> _Exercise goal_
The full set of entries below should be transcribed exactly.

> _Given data_
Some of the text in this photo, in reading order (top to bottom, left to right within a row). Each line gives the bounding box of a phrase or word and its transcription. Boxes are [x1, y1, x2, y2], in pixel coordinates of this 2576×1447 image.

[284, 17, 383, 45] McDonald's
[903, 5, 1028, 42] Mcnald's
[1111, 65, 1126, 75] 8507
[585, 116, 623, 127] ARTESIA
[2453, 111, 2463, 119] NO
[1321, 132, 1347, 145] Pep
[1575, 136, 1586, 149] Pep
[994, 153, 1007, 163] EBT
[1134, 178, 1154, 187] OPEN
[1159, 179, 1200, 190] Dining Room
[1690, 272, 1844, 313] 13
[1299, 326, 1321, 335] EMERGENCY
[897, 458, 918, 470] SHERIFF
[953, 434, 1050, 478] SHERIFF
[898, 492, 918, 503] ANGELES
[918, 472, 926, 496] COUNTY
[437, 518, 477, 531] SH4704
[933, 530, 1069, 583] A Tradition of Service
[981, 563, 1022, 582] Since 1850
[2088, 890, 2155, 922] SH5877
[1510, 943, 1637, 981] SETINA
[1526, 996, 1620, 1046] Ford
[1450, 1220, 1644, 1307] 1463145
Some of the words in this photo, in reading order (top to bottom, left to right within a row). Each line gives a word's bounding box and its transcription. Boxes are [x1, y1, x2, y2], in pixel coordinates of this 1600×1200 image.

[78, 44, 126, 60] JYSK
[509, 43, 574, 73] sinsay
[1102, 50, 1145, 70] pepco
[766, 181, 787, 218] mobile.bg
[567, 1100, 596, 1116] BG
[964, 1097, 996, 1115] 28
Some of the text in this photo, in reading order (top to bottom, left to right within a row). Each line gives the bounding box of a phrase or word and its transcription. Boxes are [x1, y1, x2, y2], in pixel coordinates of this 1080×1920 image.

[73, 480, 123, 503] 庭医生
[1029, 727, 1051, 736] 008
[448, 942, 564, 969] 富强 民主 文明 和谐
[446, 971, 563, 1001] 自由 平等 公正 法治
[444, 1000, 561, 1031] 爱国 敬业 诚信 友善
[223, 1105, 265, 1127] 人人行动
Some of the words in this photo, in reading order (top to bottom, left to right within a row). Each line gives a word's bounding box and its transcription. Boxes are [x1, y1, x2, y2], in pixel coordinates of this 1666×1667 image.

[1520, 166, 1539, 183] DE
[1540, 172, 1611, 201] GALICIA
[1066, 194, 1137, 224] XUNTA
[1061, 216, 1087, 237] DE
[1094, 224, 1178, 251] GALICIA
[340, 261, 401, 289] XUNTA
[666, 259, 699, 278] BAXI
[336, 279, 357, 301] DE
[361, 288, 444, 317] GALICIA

> _Written reply_
Some of the text in this photo, in reading order (top to bottom, left to right within a row). Each line gives the bounding box of a phrase or word and its transcription. Boxes are [x1, y1, x2, y2], in pixel coordinates of this 2576×1447 image.

[284, 17, 383, 45] McDonald's
[903, 5, 1028, 42] Mcnald's
[1111, 65, 1126, 75] 8507
[585, 116, 623, 127] ARTESIA
[2453, 111, 2463, 119] NO
[1321, 132, 1347, 145] Pep
[1575, 136, 1586, 149] Pep
[994, 153, 1007, 163] EBT
[1134, 178, 1154, 187] OPEN
[1159, 179, 1200, 190] Dining Room
[1690, 272, 1844, 313] 13
[1299, 326, 1321, 335] EMERGENCY
[897, 458, 918, 470] SHERIFF
[953, 434, 1050, 478] SHERIFF
[898, 492, 918, 503] ANGELES
[918, 472, 926, 496] COUNTY
[437, 518, 477, 531] SH4704
[933, 530, 1069, 583] A Tradition of Service
[981, 563, 1022, 582] Since 1850
[2088, 890, 2155, 922] SH5877
[1510, 943, 1637, 981] SETINA
[1526, 996, 1620, 1046] Ford
[1450, 1220, 1644, 1307] 1463145
Some of the words in this photo, in reading order (top to bottom, left to right within a row). Each line gives a word's bounding box and its transcription. Boxes are [x1, y1, x2, y2], in pixel coordinates of this 1600×1200 image.

[78, 44, 126, 60] JYSK
[509, 43, 574, 73] sinsay
[1102, 50, 1145, 70] pepco
[766, 181, 787, 218] mobile.bg
[567, 1100, 596, 1116] BG
[964, 1097, 996, 1115] 28
Some of the text in this photo, in reading order (top to bottom, left to right within a row). Each line gives the bounding box of a phrase or word and its transcription. Boxes are [x1, y1, x2, y2], in pixel coordinates of this 1080×1920 image.

[73, 480, 123, 503] 庭医生
[1029, 727, 1051, 736] 008
[448, 942, 564, 969] 富强 民主 文明 和谐
[446, 971, 563, 1001] 自由 平等 公正 法治
[444, 1000, 561, 1031] 爱国 敬业 诚信 友善
[223, 1105, 265, 1127] 人人行动
Some of the words in this photo, in reading order (top to bottom, left to right within a row). Each line gives a word's bounding box and its transcription. Boxes are [x1, y1, x2, y2], in pixel coordinates of this 1666×1667 image.

[1520, 166, 1539, 183] DE
[1540, 172, 1611, 201] GALICIA
[1066, 194, 1137, 224] XUNTA
[1061, 216, 1087, 237] DE
[1094, 224, 1178, 251] GALICIA
[340, 261, 401, 289] XUNTA
[666, 259, 699, 278] BAXI
[336, 279, 357, 301] DE
[361, 288, 444, 317] GALICIA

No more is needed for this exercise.